For a 128-bit key, how many characters are needed in different encoding schemes?
It depends on the bits per character: decimal needs 39, hex needs 32, letters need 28, alphanumeric (A-Z, 0-9) needs 25, and Base64 needs 22 characters.

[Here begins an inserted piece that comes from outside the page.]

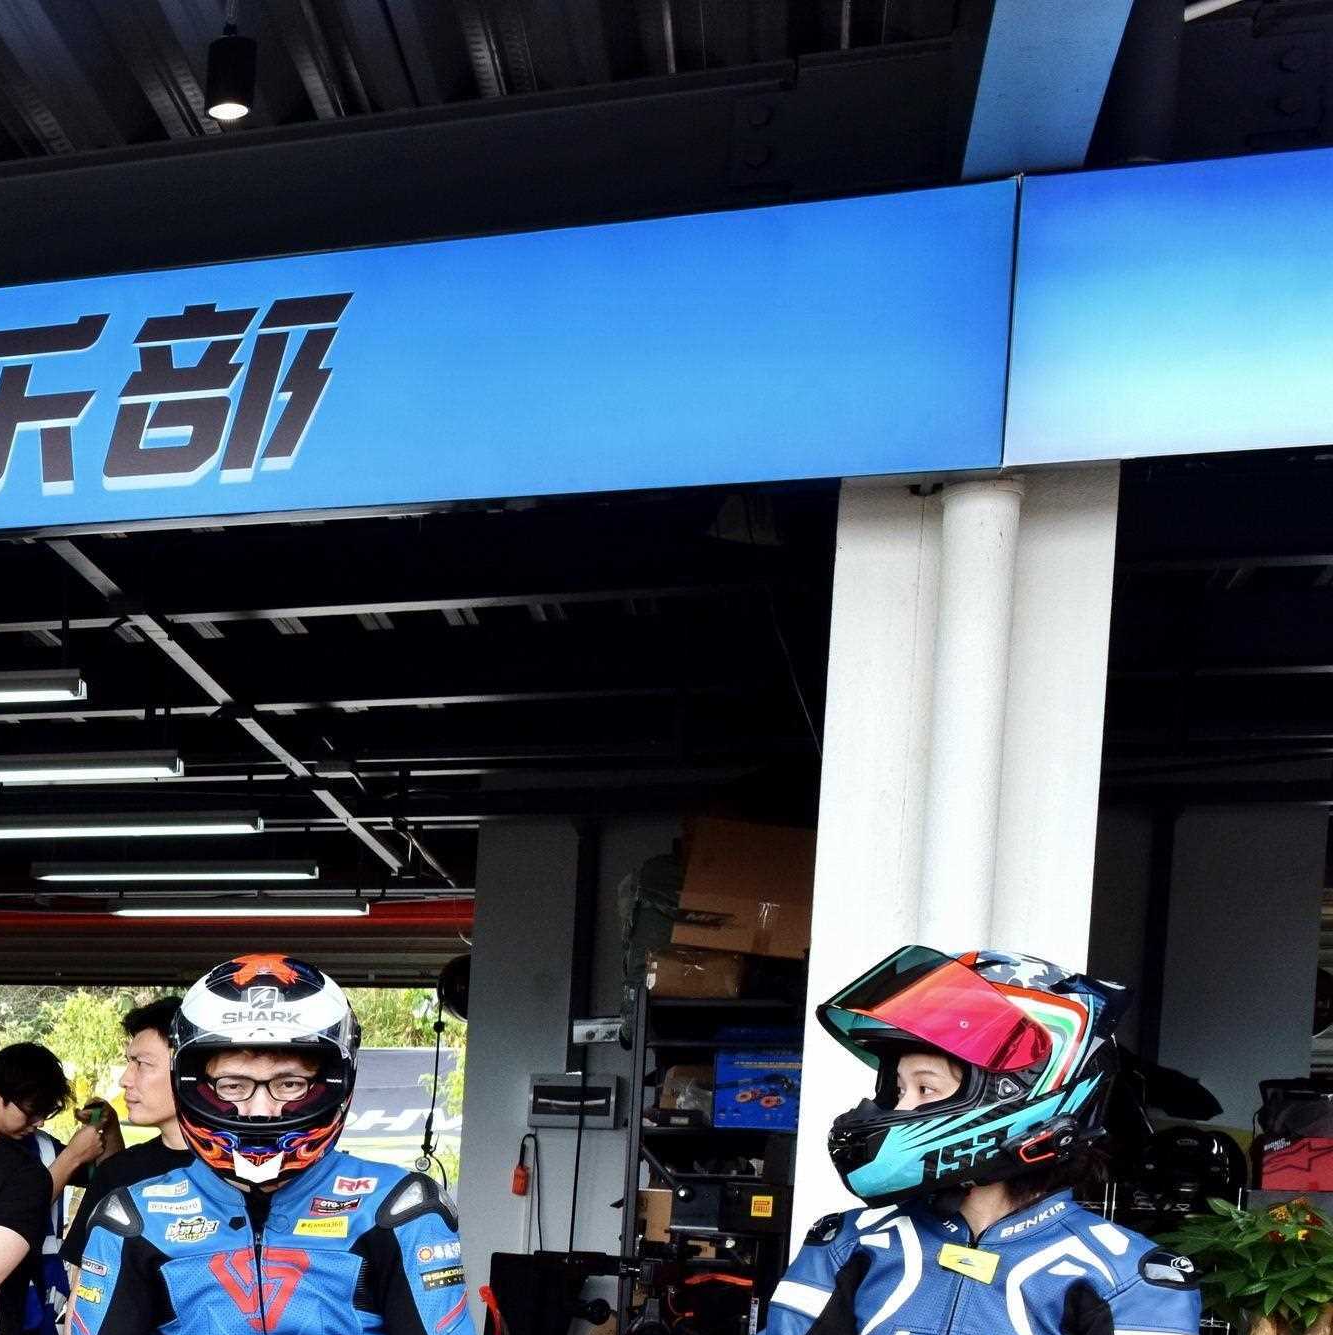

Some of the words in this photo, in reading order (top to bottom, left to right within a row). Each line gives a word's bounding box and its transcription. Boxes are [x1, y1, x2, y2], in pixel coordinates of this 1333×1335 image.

[221, 1010, 302, 1025] SHARK
[337, 1178, 371, 1192] RK
[1000, 1200, 1066, 1239] BENKIA

* A larger alphabet packs more bits per character, so fewer characters are needed. *
For a key strength of 128 bits, the number of characters needed is $\lceil \frac{128}{\text{bits per character}} \rceil$:
| Encoding | Characters | Bits/char | Chars for 128 bits |
|---|---|---|---|
| Decimal digits (0-9) | 10 | $\log_2(10) \approx 3.32$ | $\lceil 38.6 \rceil = 39$ |
| Hexadecimal (0-F) | 16 | $\log_2(16) = 4.0$ | $32$ |
| Letters (A-Z) | 26 | $\log_2(26) \approx 4.70$ | $\lceil 27.2 \rceil = 28$ |
| Alphanumeric (A-Z, 0-9) | 36 | $\log_2(36) \approx 5.17$ | $\lceil 24.8 \rceil = 25$ |
| Base64 | 64 | $\log_2(64) = 6.0$ | $\lceil 21.3 \rceil = 22$ |
Key insight: A longer alphabet means more bits per character, so fewer characters are needed. This is why hex encoding (32 chars) is so common for keys — it's a good balance between readability and compactness.
Tip: Base64 uses A-Z, a-z, 0-9, +, / (and = for padding). It's the most compact human-readable encoding.